Zo aan het eind van het jaar kijk je terug naar het afgelopen jaar. Naar wat goed ging en wat minder goed. Of je gaat, met al dan niet wat nostalgische gevoelens, nog verder terug. En vooruit, naar wat er komend jaar zoal te verwachten valt.
Helene/Hélène Nolthenius
Opeens dacht ik aan mijn studietijd. Met een bespreking van Willem Brakmans roman Een winterreis won ik een kleine prijs. Voor het geld dat hierbij hoorde, kocht ik de in het nabije oosten spelende roman De afgewende stad van Helene Nolthenius. Toen ik dat aan Kees Fens vertelde, die de prijs had ingesteld en uitreikte, keek deze vreemd op. Zonder iets te zeggen. In het archief van Literair Nederland zit een mooi stuk verborgen uit 2003 over haar, haar denkbeelden en boeken. Ik leerde er een andere, dwarsere Nolthenius uit kennen dan ik in mijn hoofd had en de naamvariant Hélène doet vermoeden. En misschien zelfs die Fens in zijn hoofd had. Dat is leuk – ik mag dat wel, dat dwarse.

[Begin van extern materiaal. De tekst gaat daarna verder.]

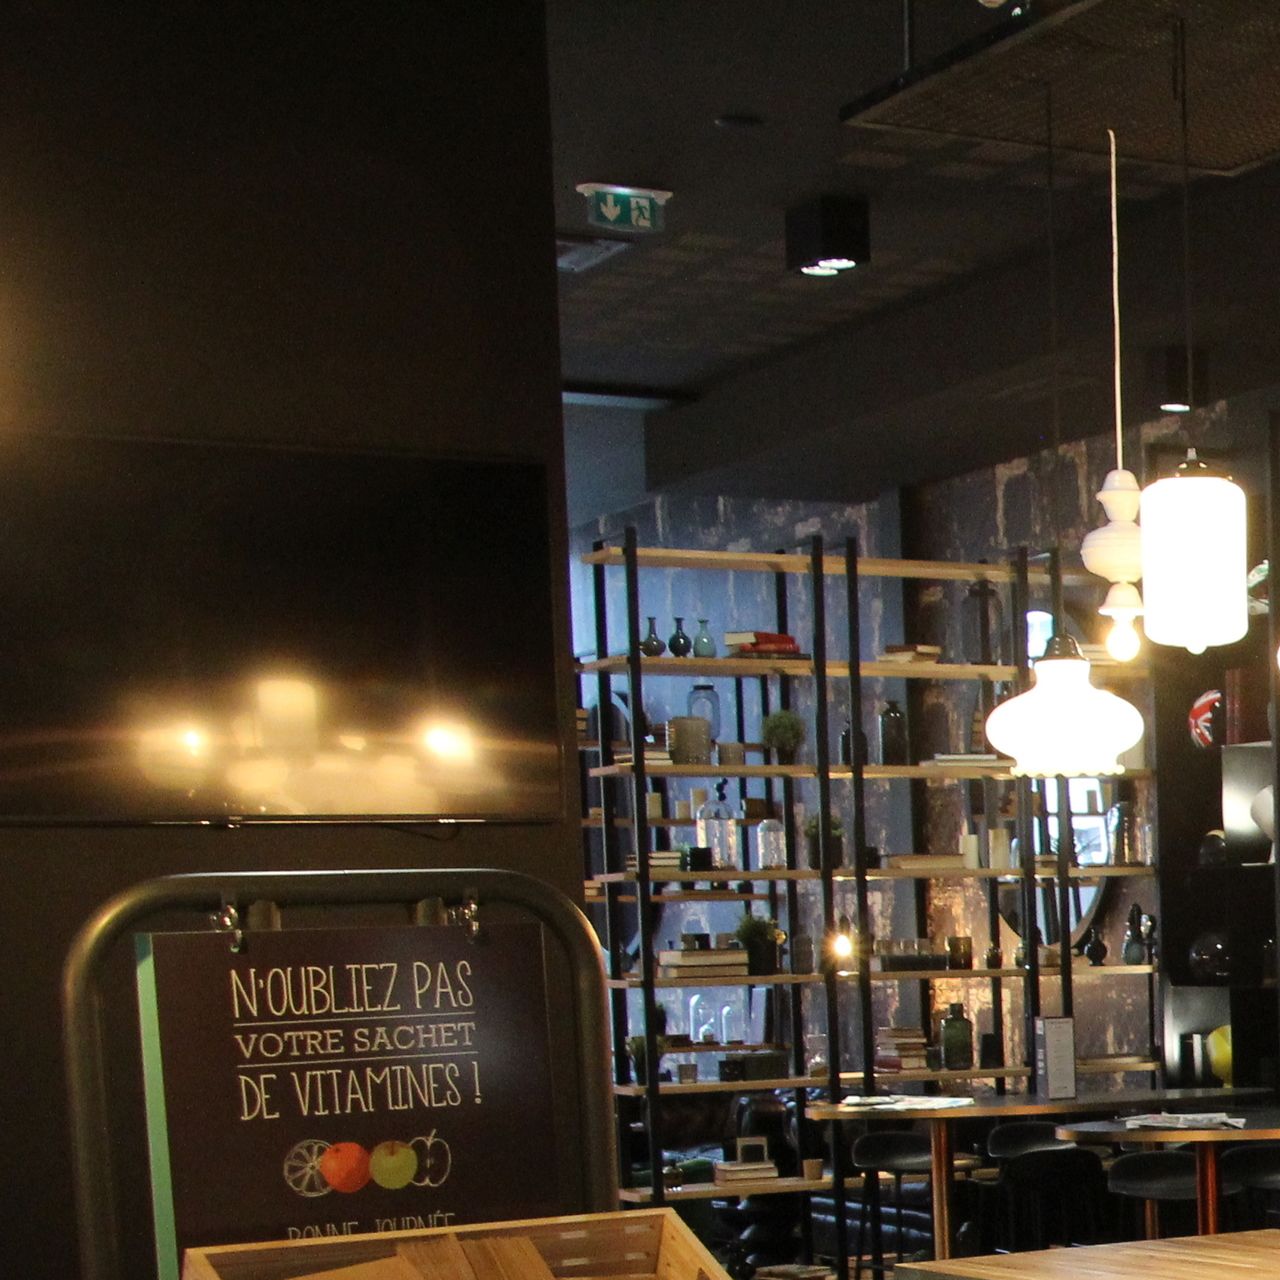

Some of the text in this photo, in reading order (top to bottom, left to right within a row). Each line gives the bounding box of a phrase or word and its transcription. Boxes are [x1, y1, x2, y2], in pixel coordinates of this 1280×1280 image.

[230, 960, 473, 1018] N'OUBLIEZ PAS
[234, 1022, 476, 1059] VOTRE SACHET
[239, 1074, 280, 1121] DE
[291, 1062, 461, 1116] VITAMINES
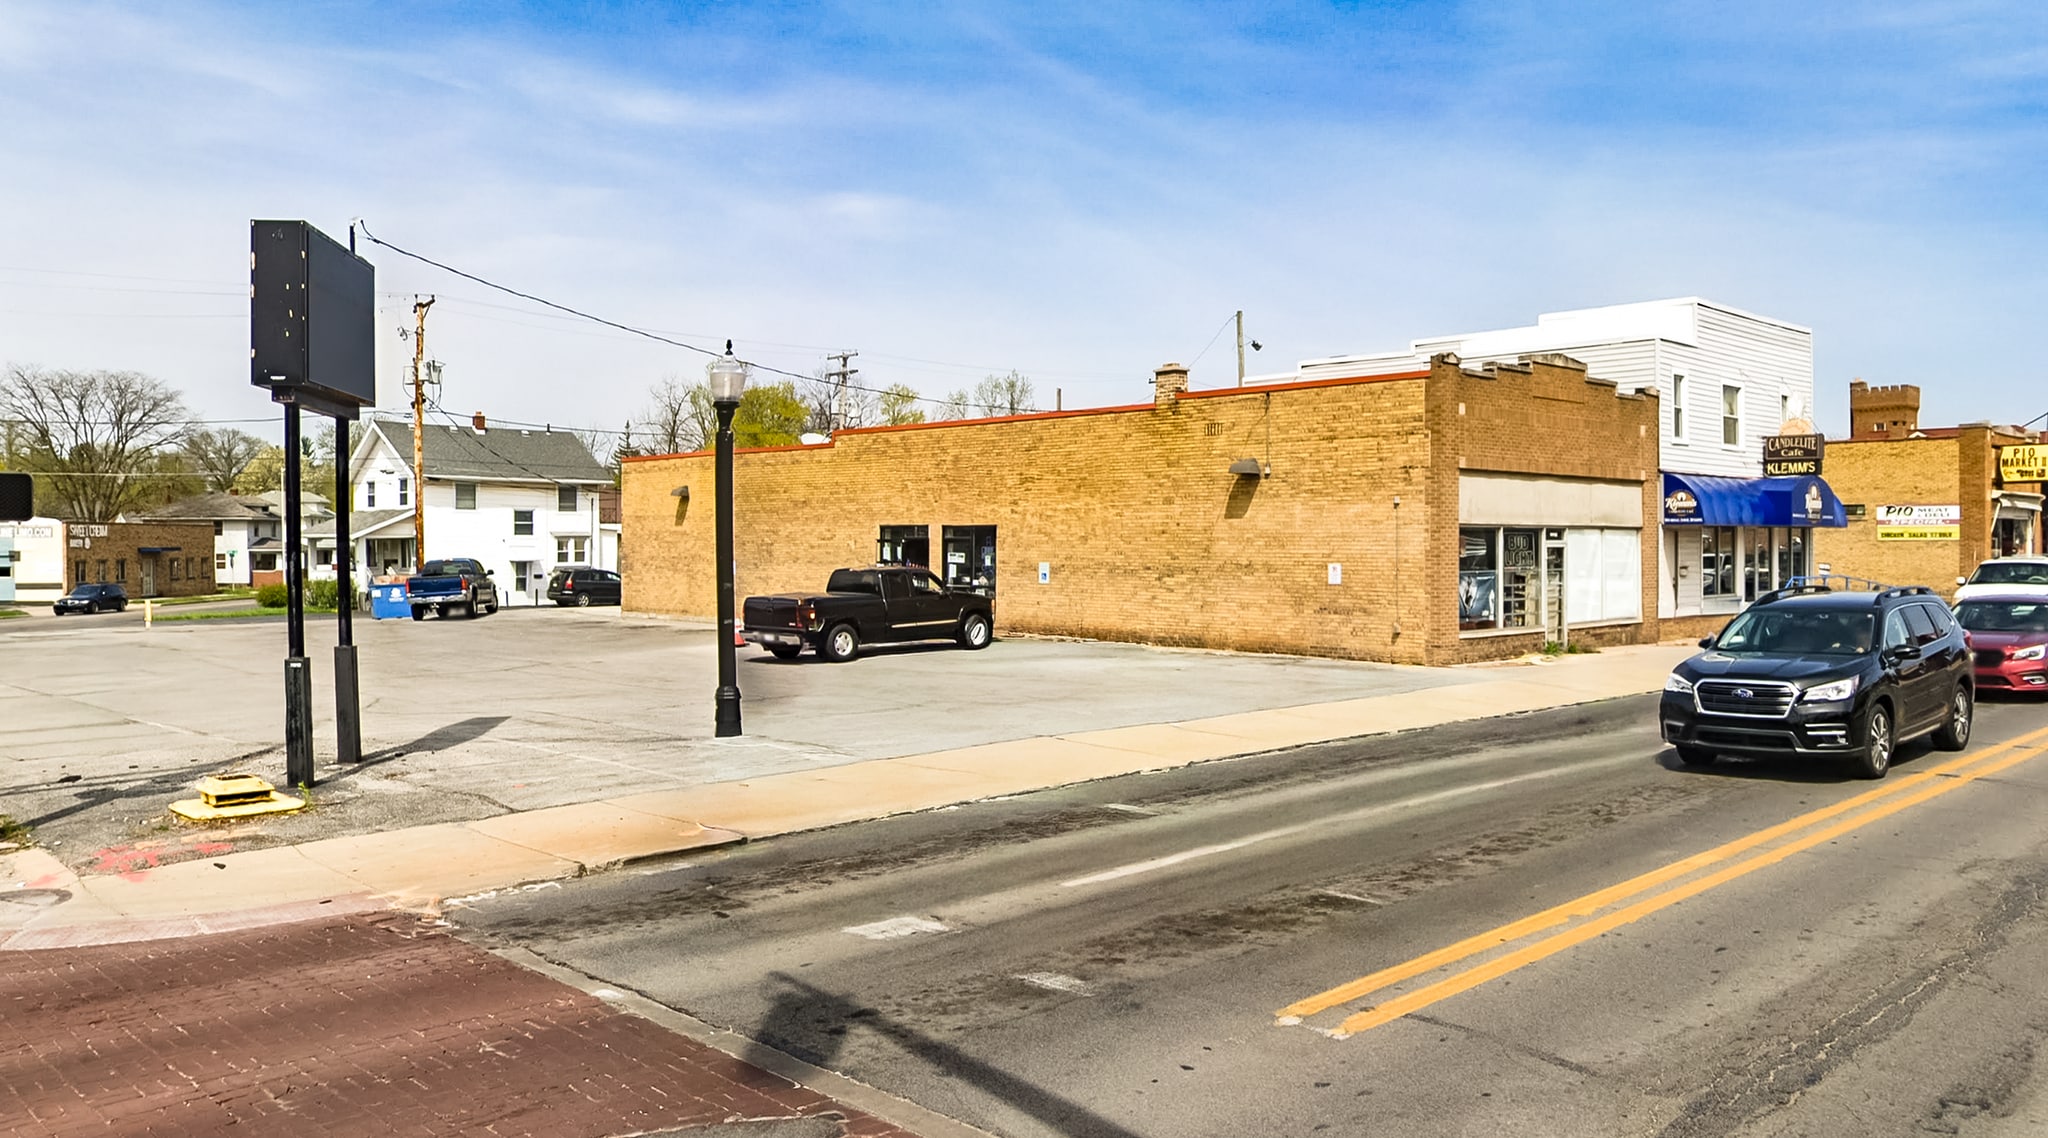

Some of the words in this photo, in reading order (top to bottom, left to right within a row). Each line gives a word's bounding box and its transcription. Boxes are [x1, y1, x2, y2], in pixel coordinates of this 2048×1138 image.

[1768, 437, 1817, 451] CANDLELITE
[1781, 448, 1804, 456] Cafe
[2013, 447, 2035, 457] PIO
[1767, 461, 1816, 474] KLEMM'S
[2002, 457, 2038, 467] MARKET
[1885, 505, 1914, 516] PIO
[69, 525, 89, 536] SWEET
[1508, 535, 1530, 550] BUD
[1504, 550, 1534, 566] LIGHT
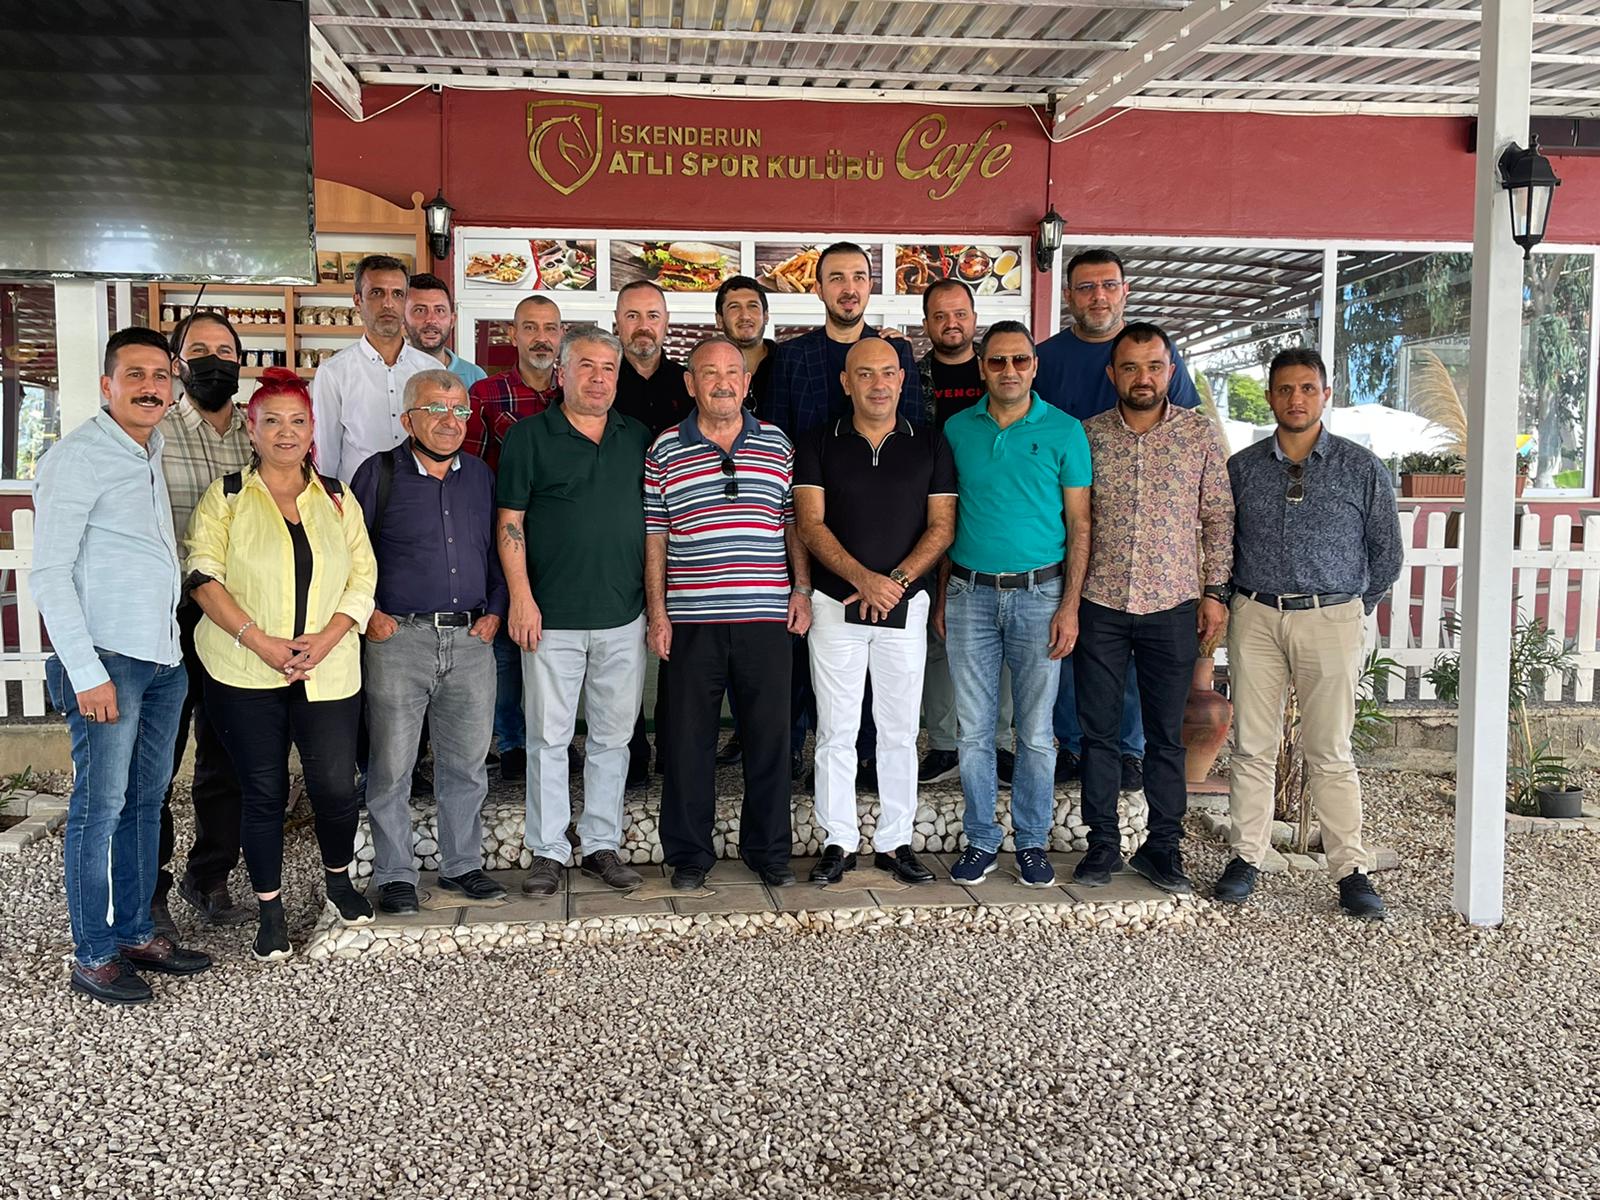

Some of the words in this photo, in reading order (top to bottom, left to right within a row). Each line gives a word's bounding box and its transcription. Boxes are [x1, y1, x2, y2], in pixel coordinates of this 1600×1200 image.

[610, 119, 763, 147] İSKENDERUN
[608, 150, 674, 176] ATLI
[680, 150, 760, 178] SPOR
[895, 112, 1013, 201] Cafe
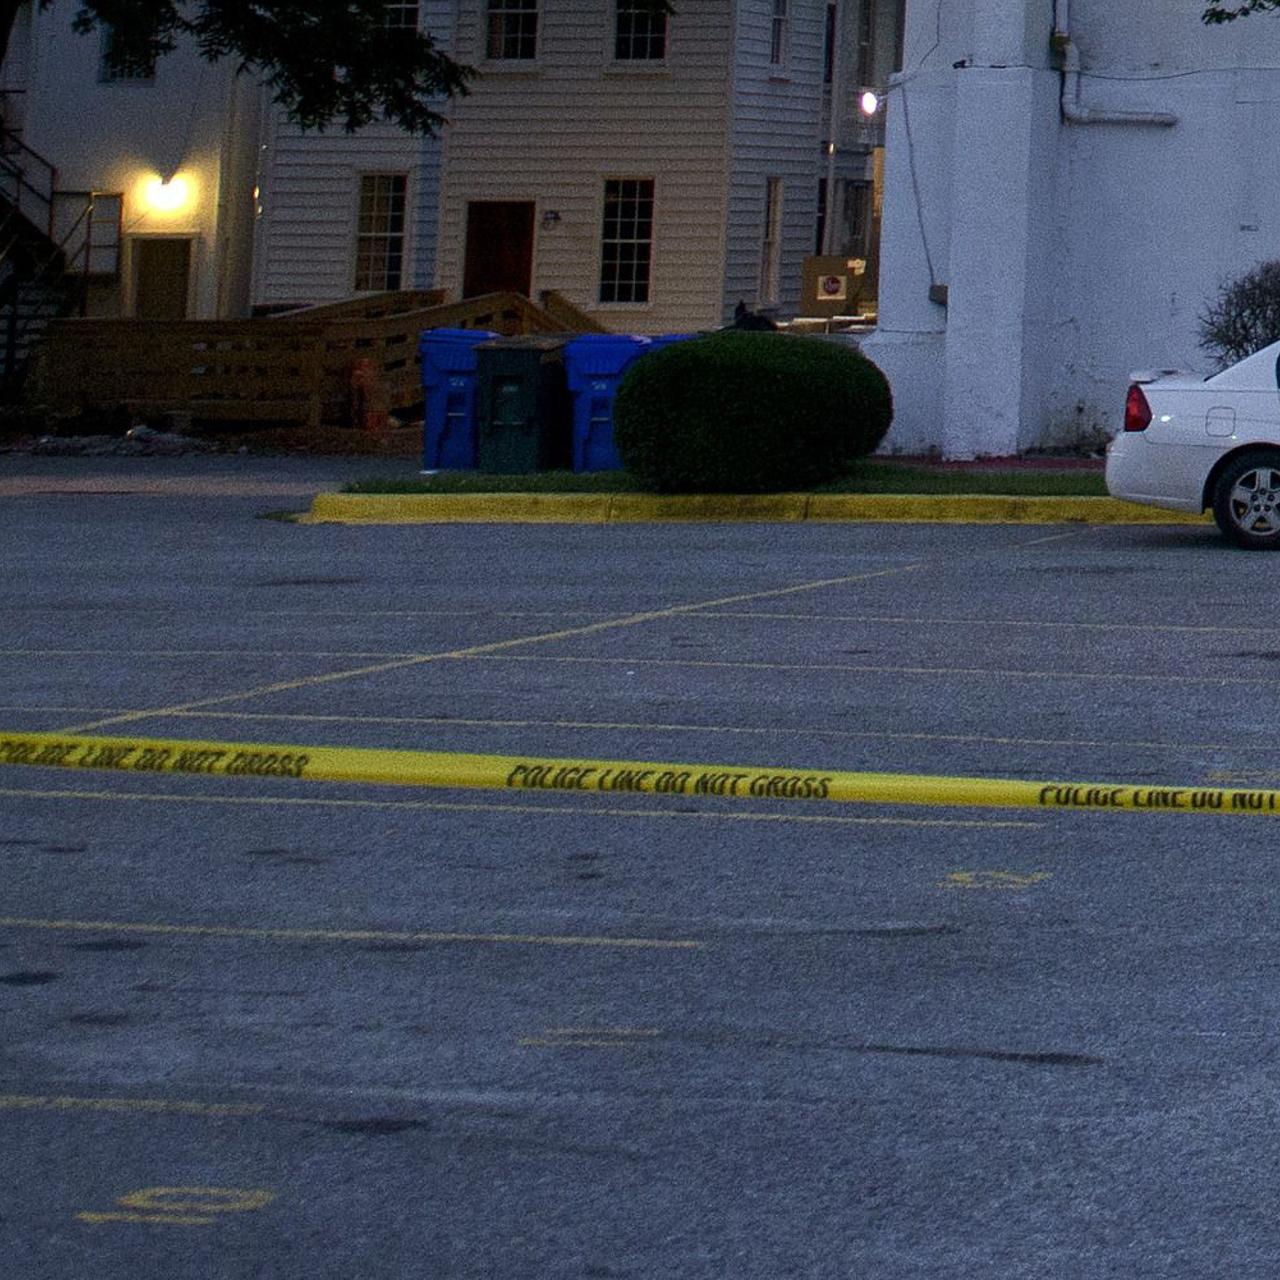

Een levensbeschrijving van Hélène Nolthenius (1920-2000) verscheen op 12 mei 2003 op Literair Nederland:
‘Hélène Nolthenius werd op 9 april 1920 in Amsterdam geboren. Haar moeder was van huis uit katholiek, maar eentje van het nare soort, die borrels drinkt terwijl ze vast, maar wel gauw de fles verstopt als de pastoor binnenkomt. Haar vader kwam uit een antipapistisch milieu en was cellist in het Concertgebouworkest. Hij kon daar echter de druk niet aan en werd classicus. Het gezin woonde in de Helmersstraat in Amsterdam, op zolder, beneden woonden de ouders van Hélène’s moeder.’ Lees verder…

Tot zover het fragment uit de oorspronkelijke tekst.